The Salt Typhoon hacking campaign, active for 1–2 years, has targeted telecommunications providers in several dozen countries, according to a U.S. official.
“At this time, we don’t believe any classified communications have been compromised,” Neuberger said.
The deputy national security adviser said China accessed extensive metadata from targeted Americans while seeking specific communications, focusing regionally on government and political figures.
The White House aims to mandate minimum cybersecurity practices for telecoms, including secure configurations, anomaly monitoring, and strong key management, similar to rules in other critical infrastructures.
“We believe that if the companies had in place minimum [security] practices … that would make it far riskier, harder, and costlier for the Chinese to gain access and maintain access,” the senior administration official added.
The Biden administration prioritizes safeguarding tech and telecom infrastructure from PRC-linked cyber espionage operations and other foreign threats to protect U.S. national security. The Commerce Department’s tech security office is preparing measures to address risks from IT and communications transactions linked to China, Neuberger stated.
Early this month Australia, Canada, New Zealand, and the U.S. issued a joint advisory to warn of People’s Republic of China (PRC)-linked cyber espionage targeting telecom networks.
“The Cybersecurity and Infrastructure Security Agency (CISA), National Security Agency (NSA), Federal Bureau of Investigation (FBI), Australian Signals Directorate’s (ASD’s) Australian Cyber Security Centre (ACSC), Canadian Cyber Security Centre (CCCS), and New Zealand’s National Cyber Security Centre (NCSC-NZ) warn that People’s Republic of China (PRC)-affiliated threat actors compromised networks of major global telecommunications providers to conduct a broad and significant cyber espionage campaign.” reads the joint advisory.

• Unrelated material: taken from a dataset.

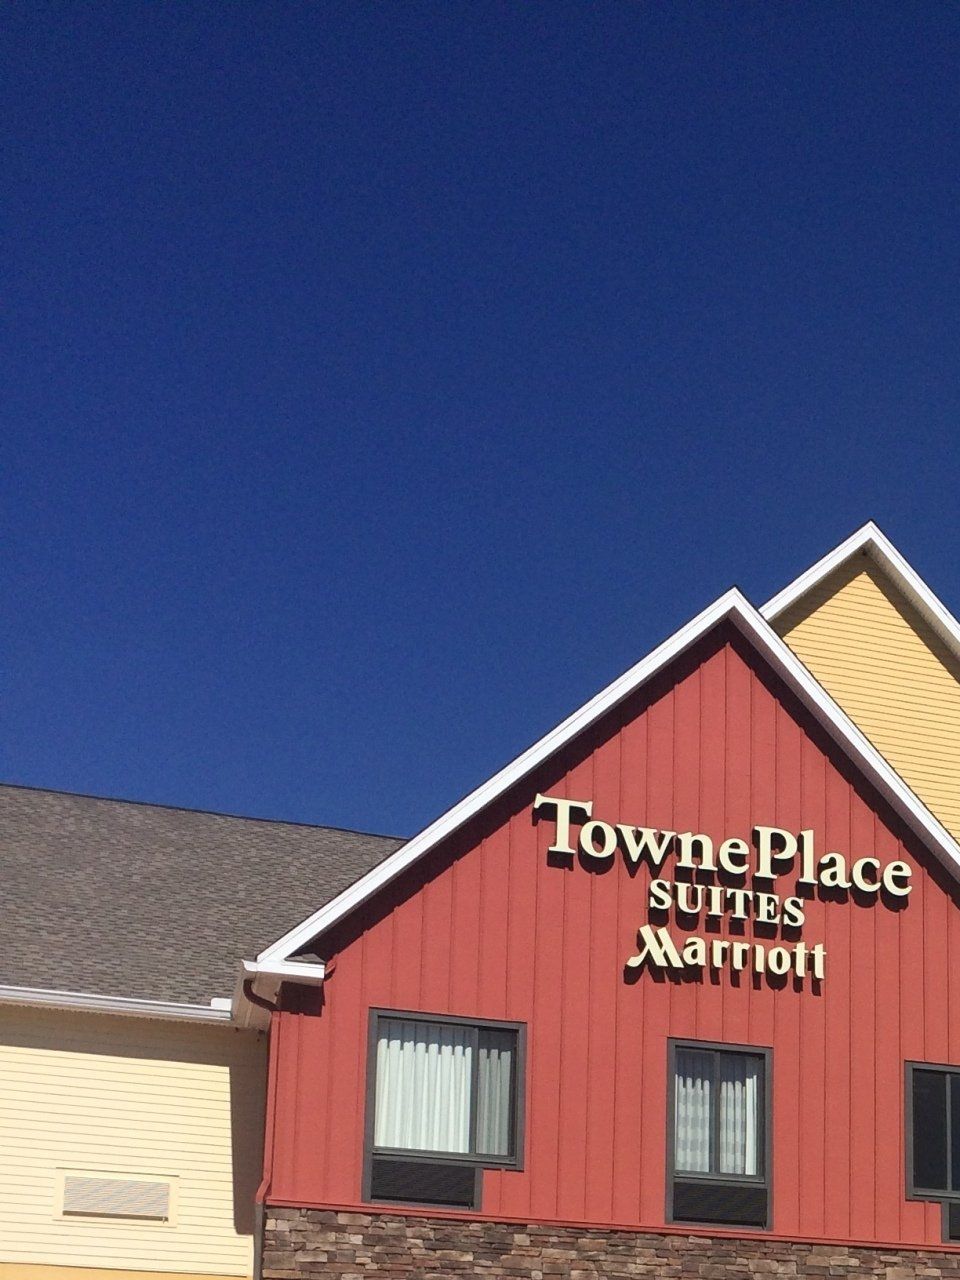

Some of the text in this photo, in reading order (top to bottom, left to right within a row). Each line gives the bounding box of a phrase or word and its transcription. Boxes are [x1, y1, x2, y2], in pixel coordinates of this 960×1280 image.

[534, 793, 913, 896] TownePlace
[649, 878, 805, 927] SUITES
[626, 924, 827, 979] Marriott

The government agencies released a guide that advises telecom and critical infrastructure defenders on best practices to strengthen network security against PRC-linked and other cyber threats.
“identified exploitations or compromises associated with these threat actors’ activity align with existing weaknesses associated with victim infrastructure; no novel activity has been observed.” continues the advisory.
The government of Bejing denied responsibility for the hacking campaign.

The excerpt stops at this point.